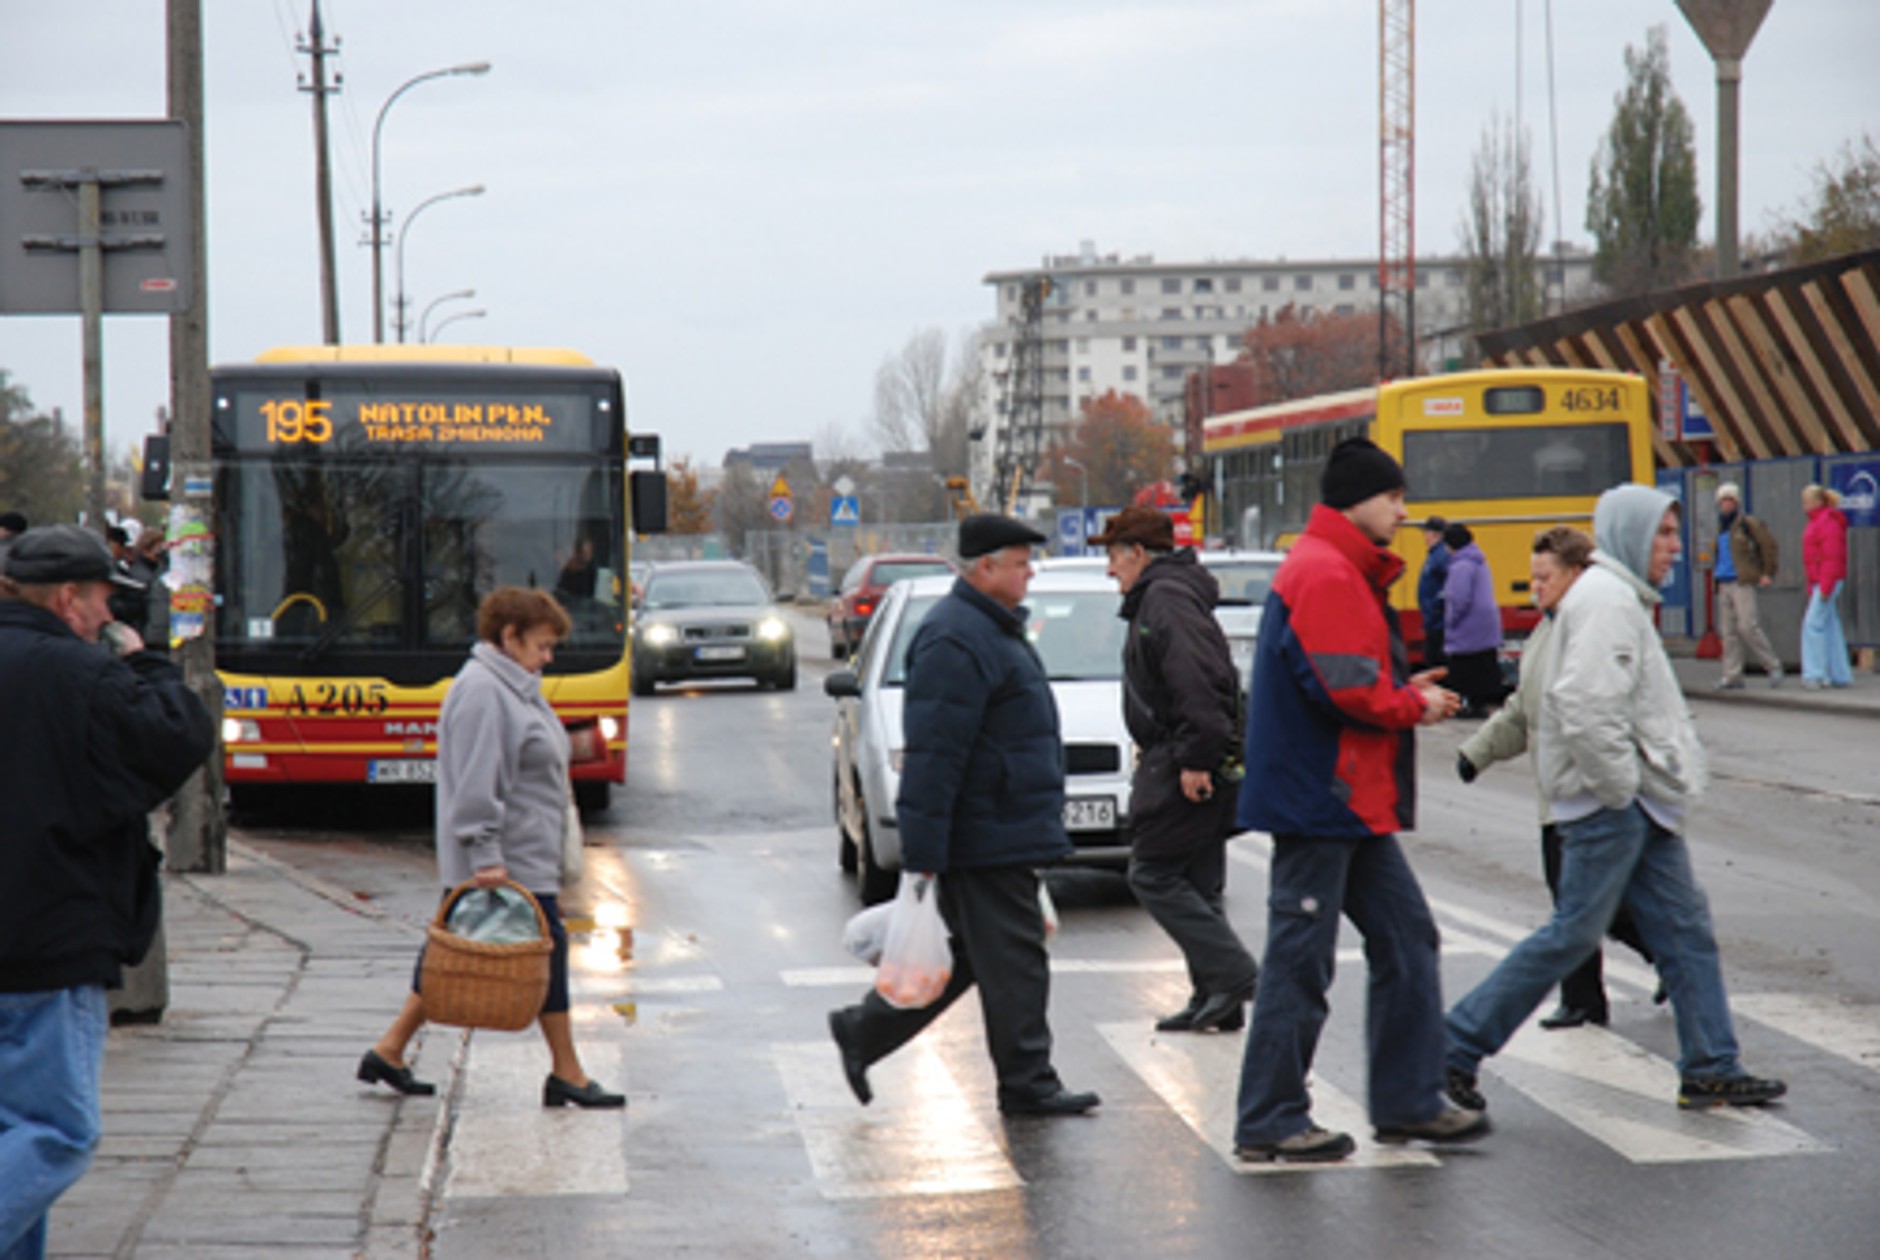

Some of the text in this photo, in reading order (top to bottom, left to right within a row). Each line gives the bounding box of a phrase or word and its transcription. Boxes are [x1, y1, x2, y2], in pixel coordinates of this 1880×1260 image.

[1560, 387, 1619, 412] 4634
[259, 399, 333, 443] 195
[359, 402, 483, 424] NATOLIN
[366, 424, 434, 441] TRASA
[285, 682, 388, 716] A 205
[384, 721, 443, 736] MAN
[1061, 801, 1110, 824] 216

□ □ □

**Your objective**
Leaving out all pictures, transcribe the listing exactly.

**Task result**
Some of the text in this photo, in reading order (top to bottom, left to right within a row). Each line gives the bounding box of a phrase or word and its transcription. Boxes are [x1, y1, x2, y2], in pixel coordinates of this 1880×1260 image.

[1560, 387, 1619, 412] 4634
[259, 399, 333, 443] 195
[359, 402, 483, 424] NATOLIN
[366, 424, 434, 441] TRASA
[285, 682, 388, 716] A 205
[384, 721, 443, 736] MAN
[1061, 801, 1110, 824] 216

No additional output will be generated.